Assessing flood water infiltration and storage in a restored floodplain

In urban areas, floodplain restoration is gaining prominence as a strategy for restoring the natural functions of floodplain ecosystems and reducing flood risk. This has spurred research into potential interactions between floodwaters, the hyporheic zone, and the floodplain aquifer. An urban restored stream in Wisconsin, USA, was used as a case study to examine four methods to estimate floodplain infiltration and storage during overbank floods. We characterised flood-related infiltration over a 4-year period from 2018 through 2021 by simultaneously and continuously measuring groundwater levels and vertical temperature profiles with stream water levels linked to high-resolution flood inundation maps. High-resolution topographic data helped to quantify surface floodplain storage and the unsaturated soil volume relative to flood stage. Infiltration estimates from the simple methods align well with those from the more complex methods; however, the complex methods provide additional insights about the factors influencing infiltration.
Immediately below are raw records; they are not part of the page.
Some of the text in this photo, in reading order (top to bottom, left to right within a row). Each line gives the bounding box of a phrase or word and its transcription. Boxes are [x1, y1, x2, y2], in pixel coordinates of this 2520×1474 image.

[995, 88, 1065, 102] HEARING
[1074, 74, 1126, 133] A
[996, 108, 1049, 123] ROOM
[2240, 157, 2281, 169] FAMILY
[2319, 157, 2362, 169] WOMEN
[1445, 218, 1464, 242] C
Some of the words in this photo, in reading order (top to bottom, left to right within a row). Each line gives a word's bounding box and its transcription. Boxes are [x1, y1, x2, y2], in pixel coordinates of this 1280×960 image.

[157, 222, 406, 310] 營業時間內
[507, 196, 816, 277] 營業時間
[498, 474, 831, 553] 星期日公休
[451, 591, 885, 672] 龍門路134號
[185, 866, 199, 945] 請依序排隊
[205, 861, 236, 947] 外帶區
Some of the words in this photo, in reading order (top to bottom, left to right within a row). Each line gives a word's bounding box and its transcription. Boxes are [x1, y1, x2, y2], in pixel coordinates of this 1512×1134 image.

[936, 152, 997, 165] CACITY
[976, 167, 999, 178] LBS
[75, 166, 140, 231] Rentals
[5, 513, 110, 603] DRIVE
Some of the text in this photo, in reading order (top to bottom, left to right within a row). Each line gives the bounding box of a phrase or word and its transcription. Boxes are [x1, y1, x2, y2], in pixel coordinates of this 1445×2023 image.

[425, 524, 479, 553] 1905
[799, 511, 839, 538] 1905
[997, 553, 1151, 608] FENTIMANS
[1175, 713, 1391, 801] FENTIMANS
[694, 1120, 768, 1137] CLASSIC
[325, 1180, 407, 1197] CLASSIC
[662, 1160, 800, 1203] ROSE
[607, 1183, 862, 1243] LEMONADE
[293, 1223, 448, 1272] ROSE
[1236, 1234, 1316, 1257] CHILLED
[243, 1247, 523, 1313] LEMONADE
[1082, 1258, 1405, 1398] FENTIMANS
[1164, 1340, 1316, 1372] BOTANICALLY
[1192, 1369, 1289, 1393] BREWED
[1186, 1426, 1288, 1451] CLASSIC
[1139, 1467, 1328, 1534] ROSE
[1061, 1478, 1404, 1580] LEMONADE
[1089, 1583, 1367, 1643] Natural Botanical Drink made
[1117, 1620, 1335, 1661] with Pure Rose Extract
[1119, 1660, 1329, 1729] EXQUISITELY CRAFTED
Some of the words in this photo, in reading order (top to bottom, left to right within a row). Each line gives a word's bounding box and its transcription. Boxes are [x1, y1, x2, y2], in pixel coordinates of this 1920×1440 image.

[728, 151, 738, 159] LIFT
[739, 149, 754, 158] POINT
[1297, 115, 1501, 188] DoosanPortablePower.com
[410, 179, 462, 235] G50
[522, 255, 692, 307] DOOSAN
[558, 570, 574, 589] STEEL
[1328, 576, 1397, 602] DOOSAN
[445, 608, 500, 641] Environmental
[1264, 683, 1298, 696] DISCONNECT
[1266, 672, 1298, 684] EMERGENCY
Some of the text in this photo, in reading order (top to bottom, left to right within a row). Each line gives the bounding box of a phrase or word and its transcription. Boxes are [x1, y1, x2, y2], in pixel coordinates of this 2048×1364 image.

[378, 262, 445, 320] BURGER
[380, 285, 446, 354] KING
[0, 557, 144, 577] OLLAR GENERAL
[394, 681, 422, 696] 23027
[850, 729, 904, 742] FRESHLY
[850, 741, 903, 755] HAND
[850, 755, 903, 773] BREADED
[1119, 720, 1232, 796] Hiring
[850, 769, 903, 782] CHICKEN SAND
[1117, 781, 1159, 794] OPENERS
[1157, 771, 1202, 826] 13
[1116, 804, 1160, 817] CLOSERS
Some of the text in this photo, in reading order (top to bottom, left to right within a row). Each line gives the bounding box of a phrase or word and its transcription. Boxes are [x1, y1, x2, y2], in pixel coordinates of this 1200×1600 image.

Results from all methods indicate that the volume of water that vertically infiltrates during floods is likely small relative to the total volume of the flood, with 0.08%–0.52% of flood water infiltrating into the floodplain, on average. Spatially variable vertical hydraulic gradients, driven by flood depth, groundwater level, and permeability, imply heterogeneous patterns of infiltration across the floodplain. Gradients favourable for infiltration typically occurred during the onset of flooding but, over the study period, were mostly (98% of the time) favourable for groundwater discharge to the channel (non-flood periods). These findings highlight the importance of considering surface-groundwater dynamics, floodplain soils, and unsaturated floodplain volume in defining the benefits of floodplain infiltration for flood attenuation.